A rash spread over Maud’s chest and neck. She barely seemed to know me when I visited, but every time I rose to go, she would growl, Do not leave me. Once, with her eyes shut to thin, angry slits, she told me, “Bernadette says I cannot show you the way, but I can take you with me if I want.”
***
Maud didn’t last the week. Her mother and sisters had arrived from New Hampshire, and they gathered her belongings as if in a stupor. I’d already removed Maud’s diary and hidden it in my drawer; I didn’t want them to be alarmed by whatever confessions it might contain.
A new girl moved in to take Maud’s place. That night, I dreamt someone was rapping on the window. But when I fully pulled myself from sleep, I found the room was quiet. The next night, there was a rustling in the chimney. In the morning, when I told Elizabeth that squirrels must have gotten in, she laughed and regarded me with warm indulgence.

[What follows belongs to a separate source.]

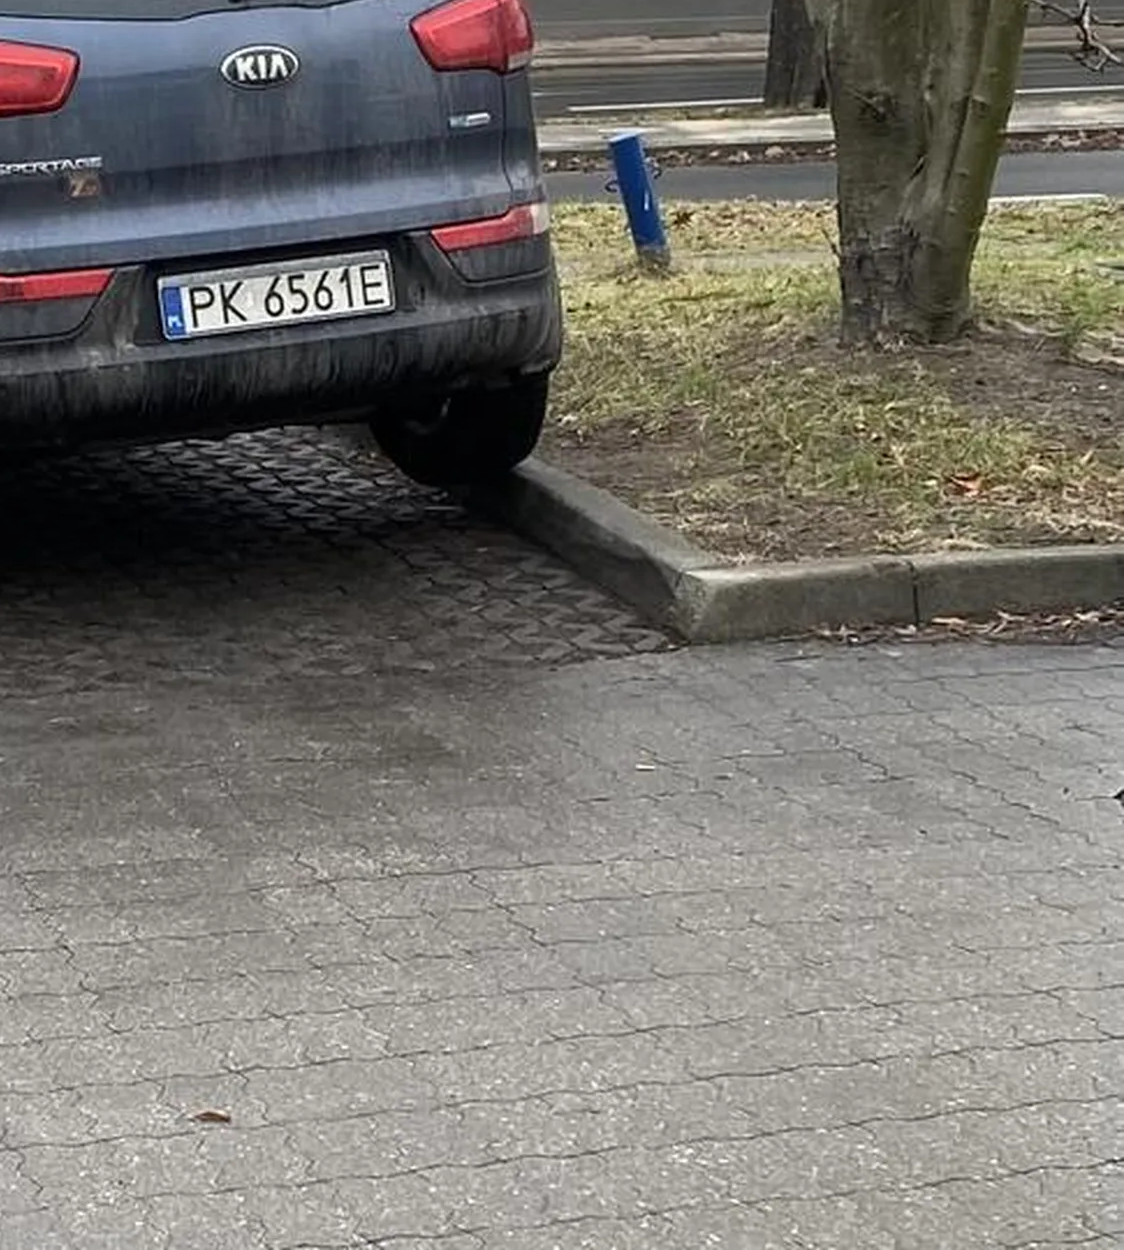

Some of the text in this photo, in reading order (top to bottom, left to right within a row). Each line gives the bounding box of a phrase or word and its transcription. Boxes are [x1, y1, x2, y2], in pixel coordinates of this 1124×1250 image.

“With the fire going? They’d be burned to a crisp.”
Later, in the spinning room, a line of threads snapped all in a row, as if a sharp-nailed finger had been pulled across them. The supervisor complained that we’d let the room get cold.
Another night, I watched a shadow in the darkest corner of our bedroom pulse slowly, as if it were breathing. I heard the ice floes in the river cracking against one another. I gripped Elizabeth’s warm hand, shut my eyes, and prayed. A few weeks later, there was a storm accompanied by no rain or even snow—just lightning and three quick percussive claps of thunder.
Now, it is April, and the days are growing longer. The air is growing thicker, the buds fighting their way back into the world. The tree limbs don’t look so much like bony, beckoning fingers. Still, I hesitate before opening drawers or peering up at the gleaming yellow windows of the mill at night. I scurry across the Main Street Bridge without stopping to look at the water coursing below. I stay as far away from the empty space beneath the bed as possible, and I have not touched Maud’s diary again. I ask Elizabeth to open the letters I receive weekly from my father and read them first so she can warn me of any ill omens or bad news. So many things, I’ve realized, can be a door.
Just this morning, as we were dressing for church, a starling threw itself against our bedroom window three times before dropping from the sky like a stone. Even Elizabeth paled, and none of us moved to the window to check what had happened to the little bird.
I wanted to. But I know what Maud is asking of us. I know we cannot give it to her. I know that once I start seeing her, I won’t ever stop.